Colombie: tensions avec Washington et démission de Laura Sarabia, double crise pour Gustavo Petro

Les États-Unis d’Amérique ont rappelé jeudi leur chargé d’affaire à Bogota pour consultations urgentes, en raison de « déclarations infondées et censurables » émanant du gouvernement colombien, qui a immédiatement rappelé son ambassadeur. Dans la matinée, la ministre des relations extérieures colombienne, Laura Sarabia, avait présenté sa démission, en invoquant des divergences avec le président. 

Le climat se tend entre Bogota et Washington. Les deux capitales ont rappelé leurs diplomates présents dans les deux pays. Dans ce sillage, Laura Sarabia, ministre colombien des relations extérieures et une des collaboratrices les plus proches et les plus fidèles du président Petro a présenté sa démission, renforçant l’ambiance de crise à Bogota.

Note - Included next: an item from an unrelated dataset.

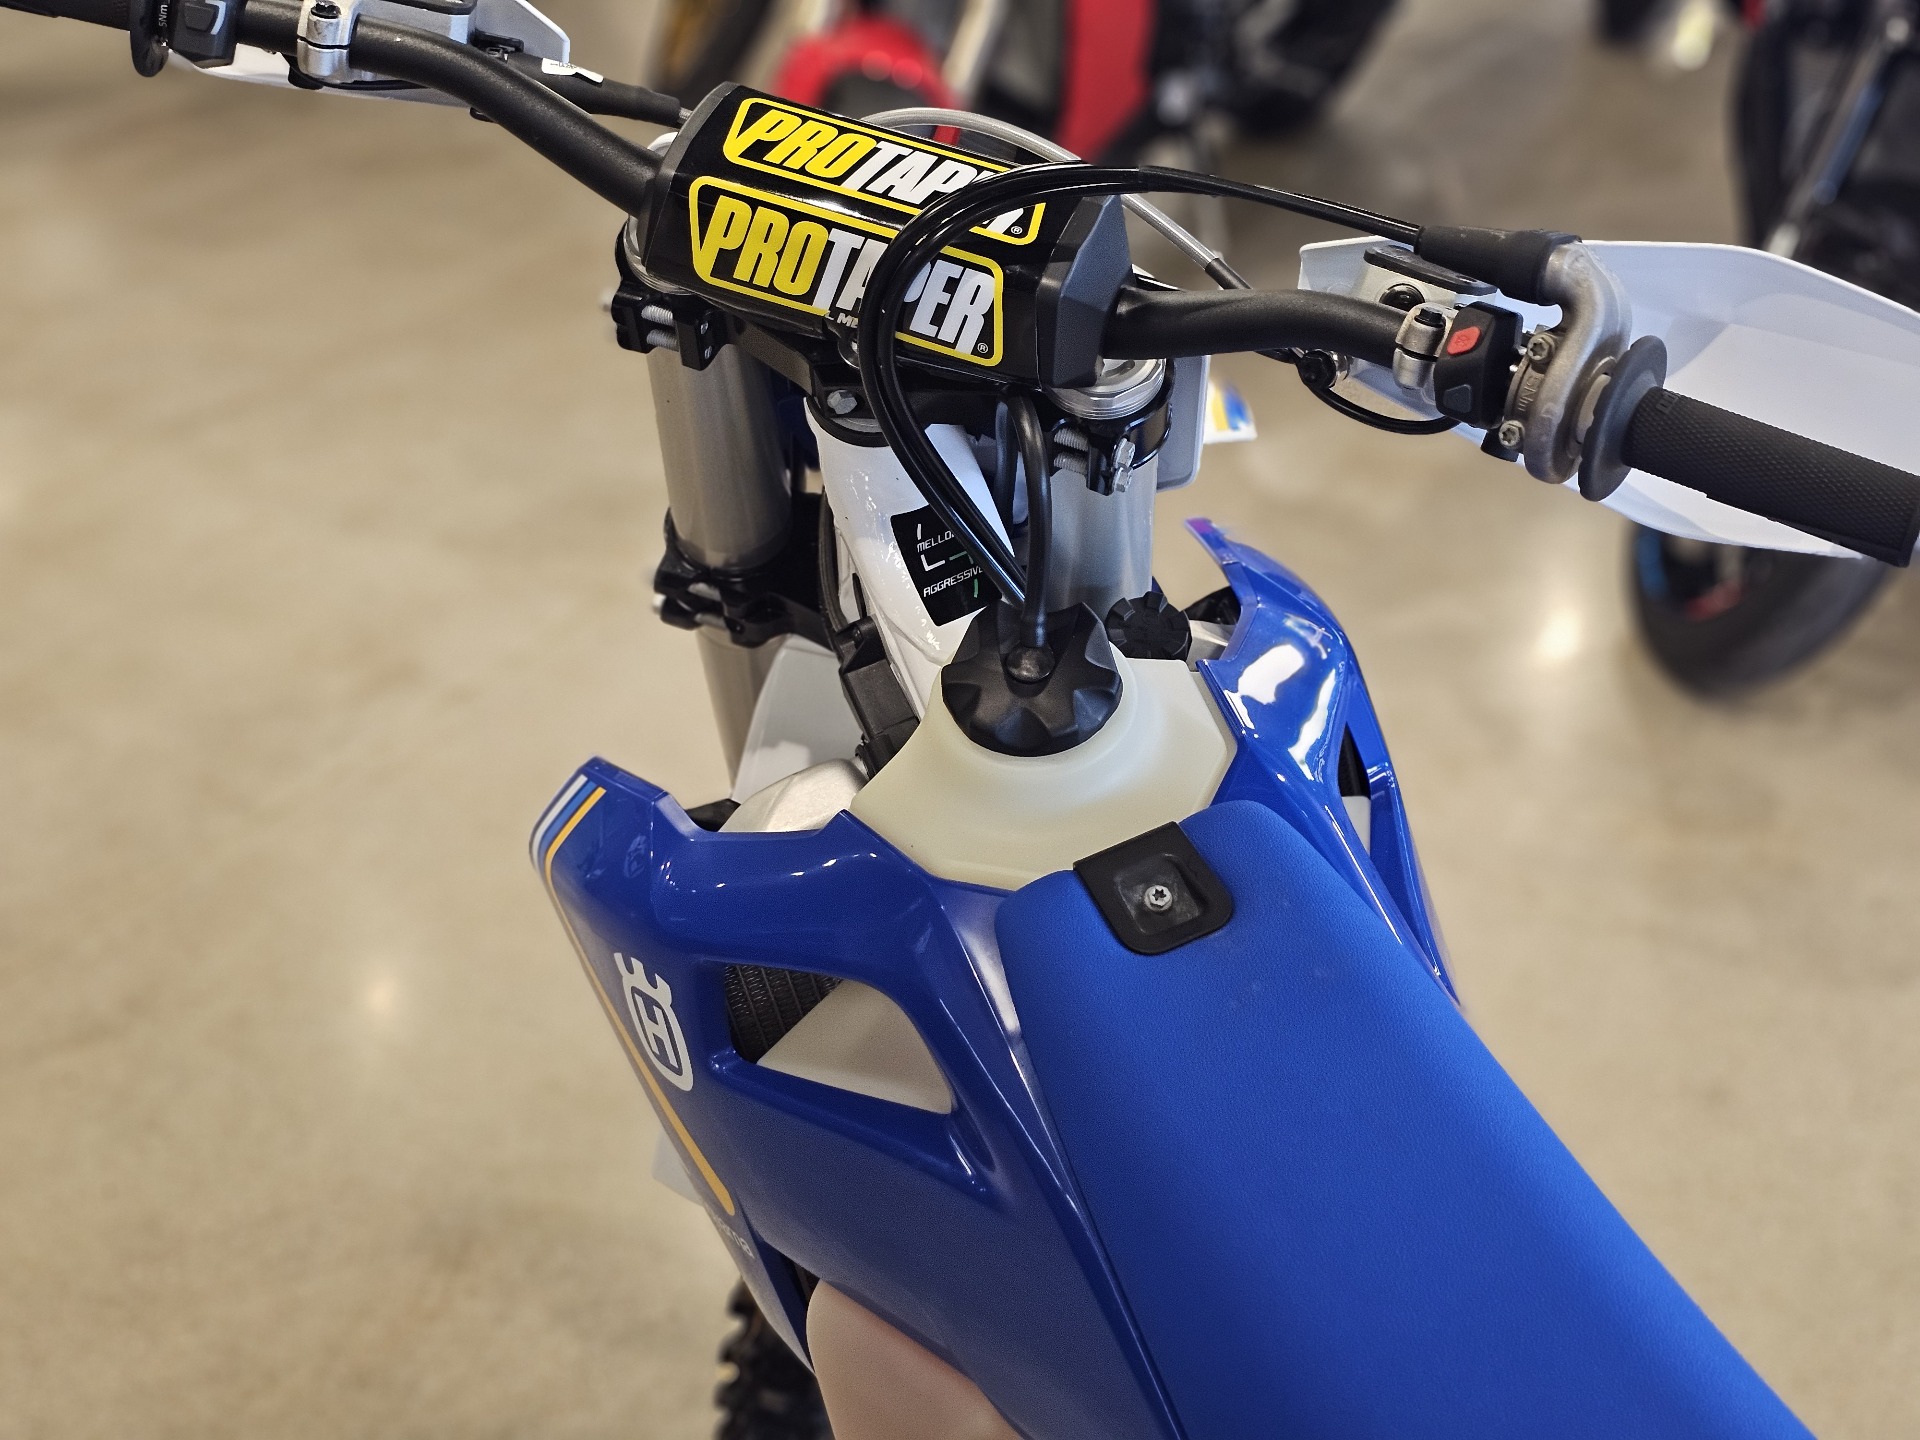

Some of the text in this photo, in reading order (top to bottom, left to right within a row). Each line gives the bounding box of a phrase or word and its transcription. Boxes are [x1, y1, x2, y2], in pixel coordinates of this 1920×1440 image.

[737, 109, 1024, 234] PROTAP
[700, 195, 996, 355] PROTAER
[917, 530, 954, 553] MELLO
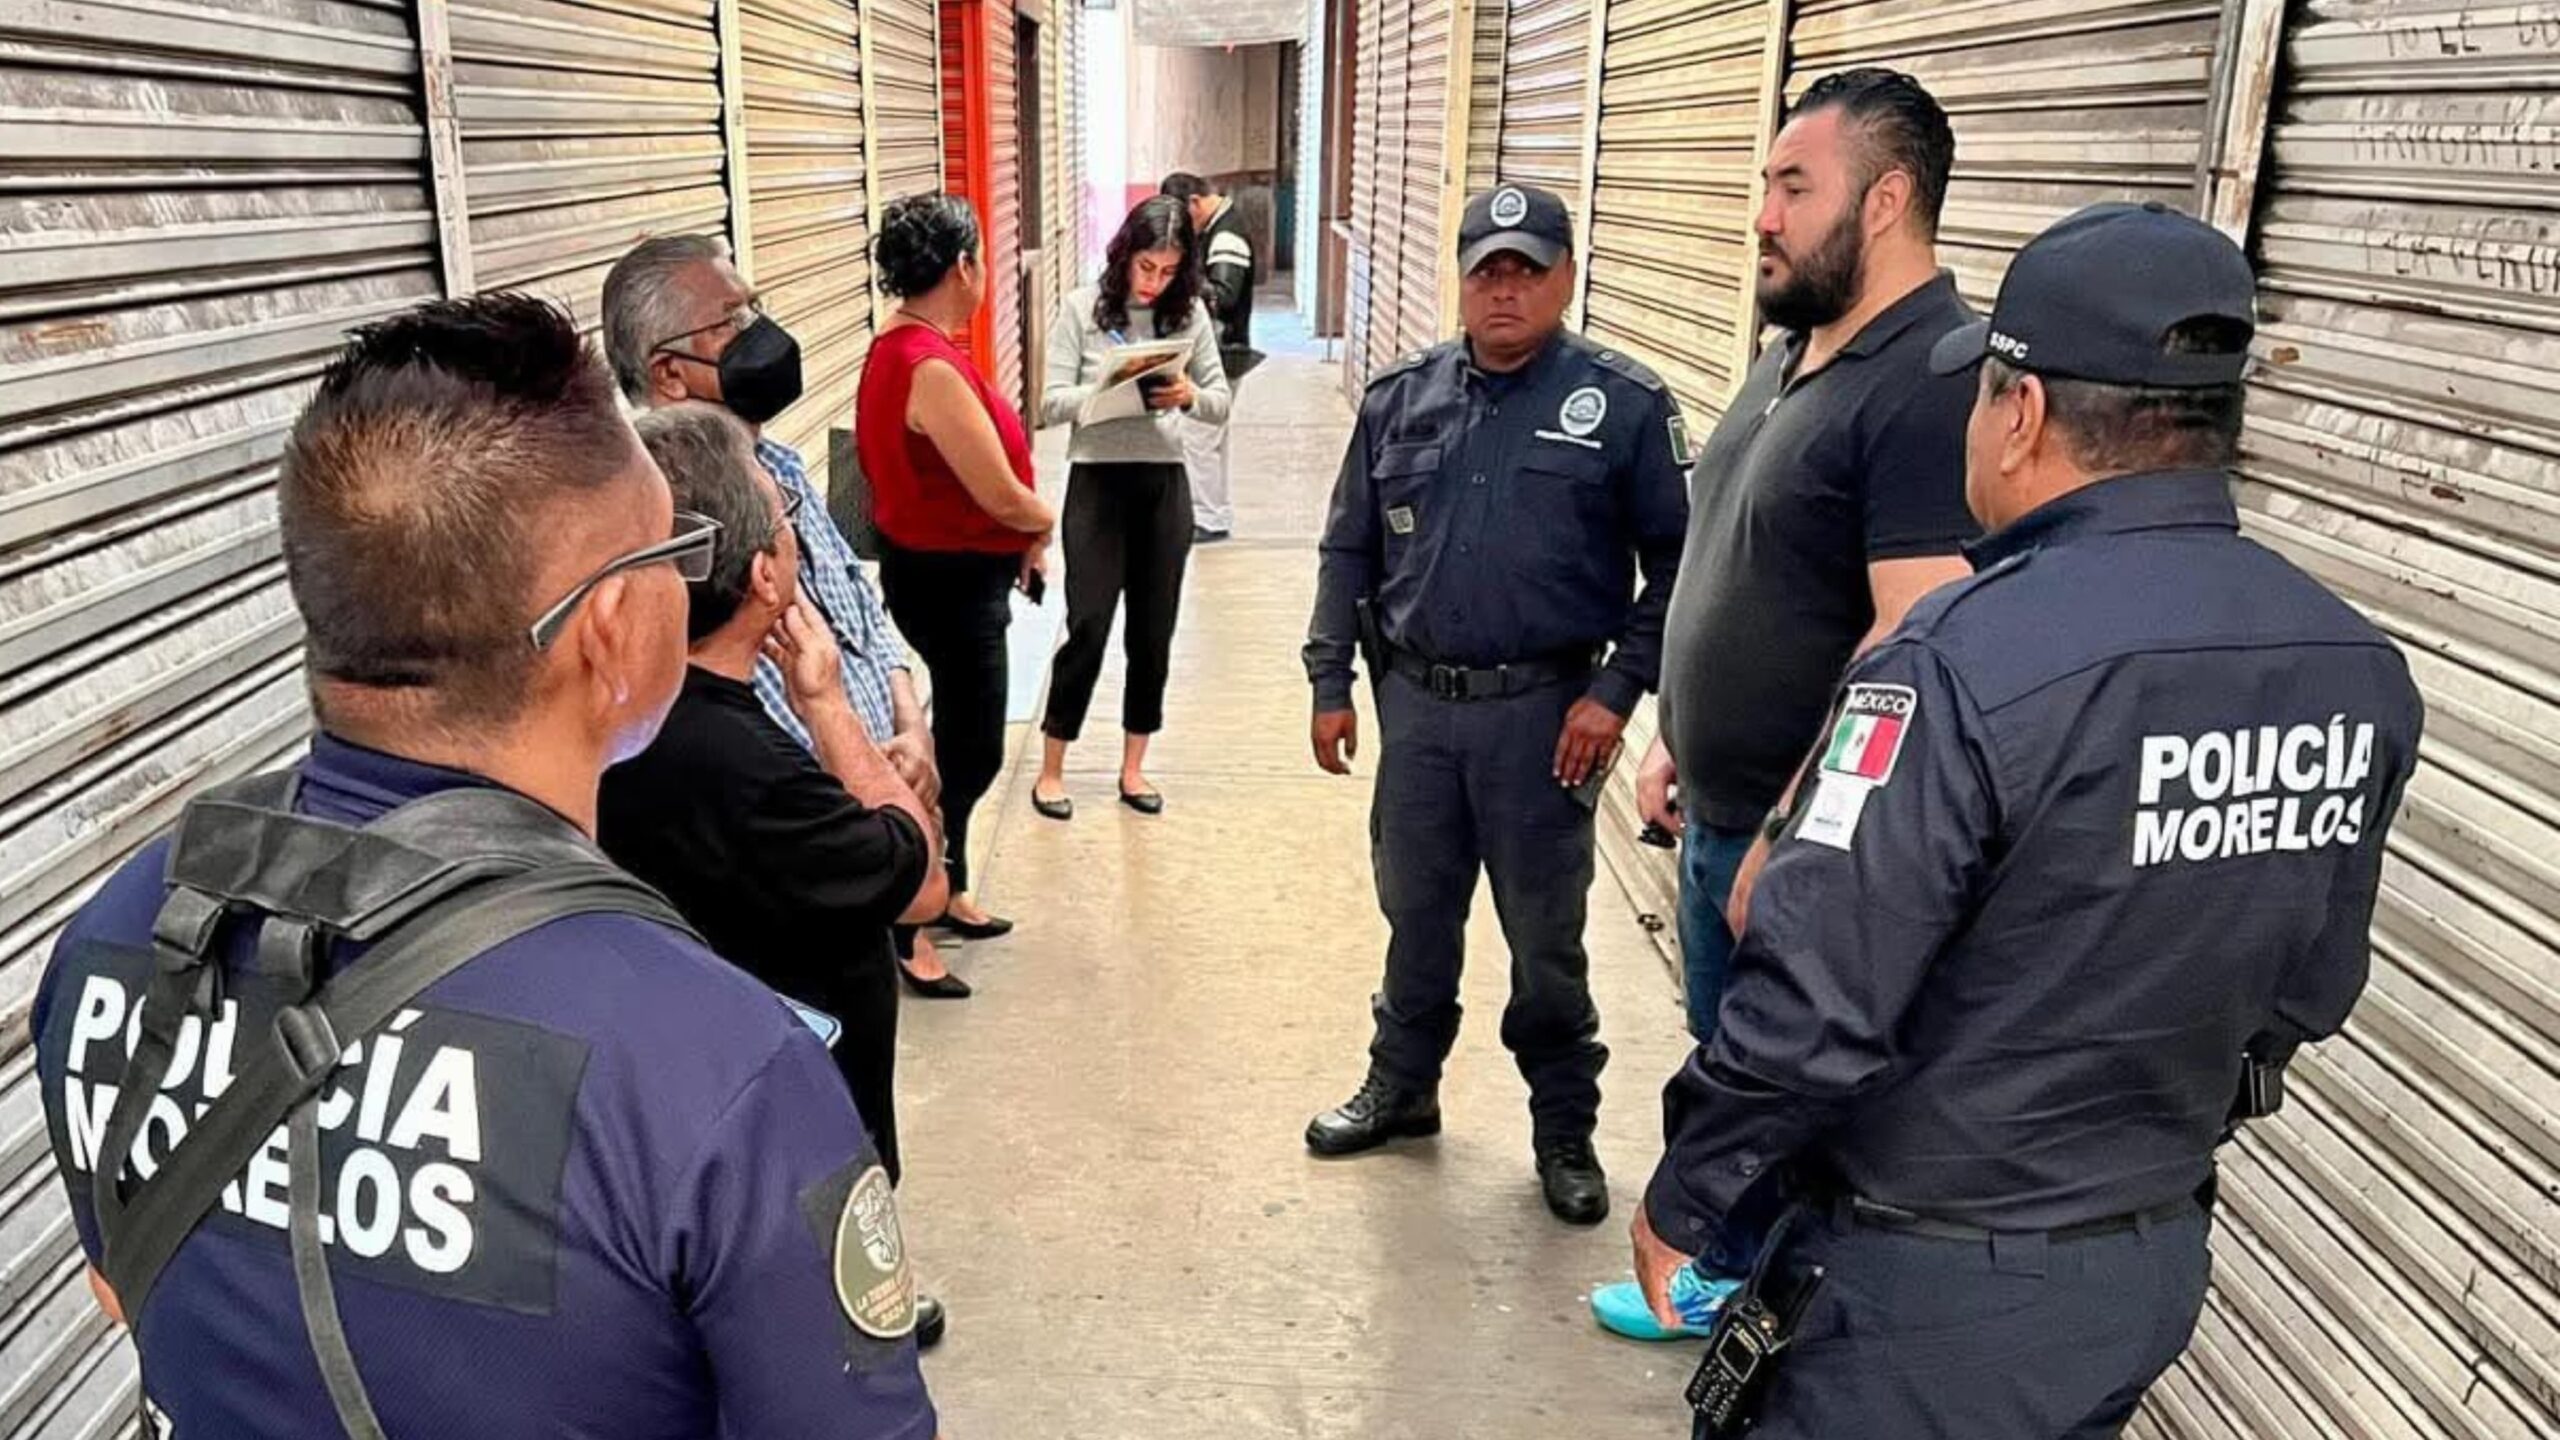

Laura Sarabia a joué un rôle clé dans la campagne présidentielle de Gustavo Petro en 2022. Après sa victoire, elle a été cheffe de cabinet, puis a occupé deux postes importants au sein du gouvernement, avant de devenir ministre des Affaires étrangères en janvier.

Dans un courrier au président diffusé sur les réseaux sociaux, la ministre précise ne pas approuver des « décisions » prises « ces derniers jours », sans fournir de détails. Ces derniers mois, les relations entre la ministre des Affaires étrangères et le président s’étaient dégradées en raison de plusieurs désaccords, notamment sur l’entrée au gouvernement de l’actuel ministre de l’Intérieur, Armando Benedetti, contre lequel Laura Sarabia a porté plainte pour harcèlement.

Selon les médias locaux, les désaccords sont liés à un contrat de délivrance de passeports et au désaveu des décisions de la ministre. « Il ne s’agit pas de divergences mineures […]. Malgré toute l’affection et le respect que j’éprouve pour vous […] je ne peux plus » continuer sur cette voie, a écrit la ministre.

Crise entre Washington et Bogota

Les États-Unis d’Amérique, eux, sont le premier partenaire économique de la Colombie et, historiquement, son grand allié politique. Le communiqué de la Maison Blanche ne précise pas quelles déclarations infondées du gouvernement colombien ont suscité la colère de Donald Trump.

Fin juin, Gustavo Petro accusait l’extrême droite américaine d’avoir participé au projet de coup d’État apparemment ourdi par un de ses anciens ministres et révélé par le quotidien espagnol « El Pais ». Par ailleurs, depuis trois ans qu’il est au pouvoir, Gustavo Petro n’a cessé de critiquer la politique guerrière de lutte contre la drogue menée par Washington. De leur côté, les États-unis d’Amérique soupçonnent Gustavo Petro de laxisme voir de connivence avec les narcotrafiquants. 

Les deux pays ont connu fin janvier une brève, mais intense crise diplomatique sur le renvoi en Colombie de migrants entrés illégalement aux États-Unis d’Amérique.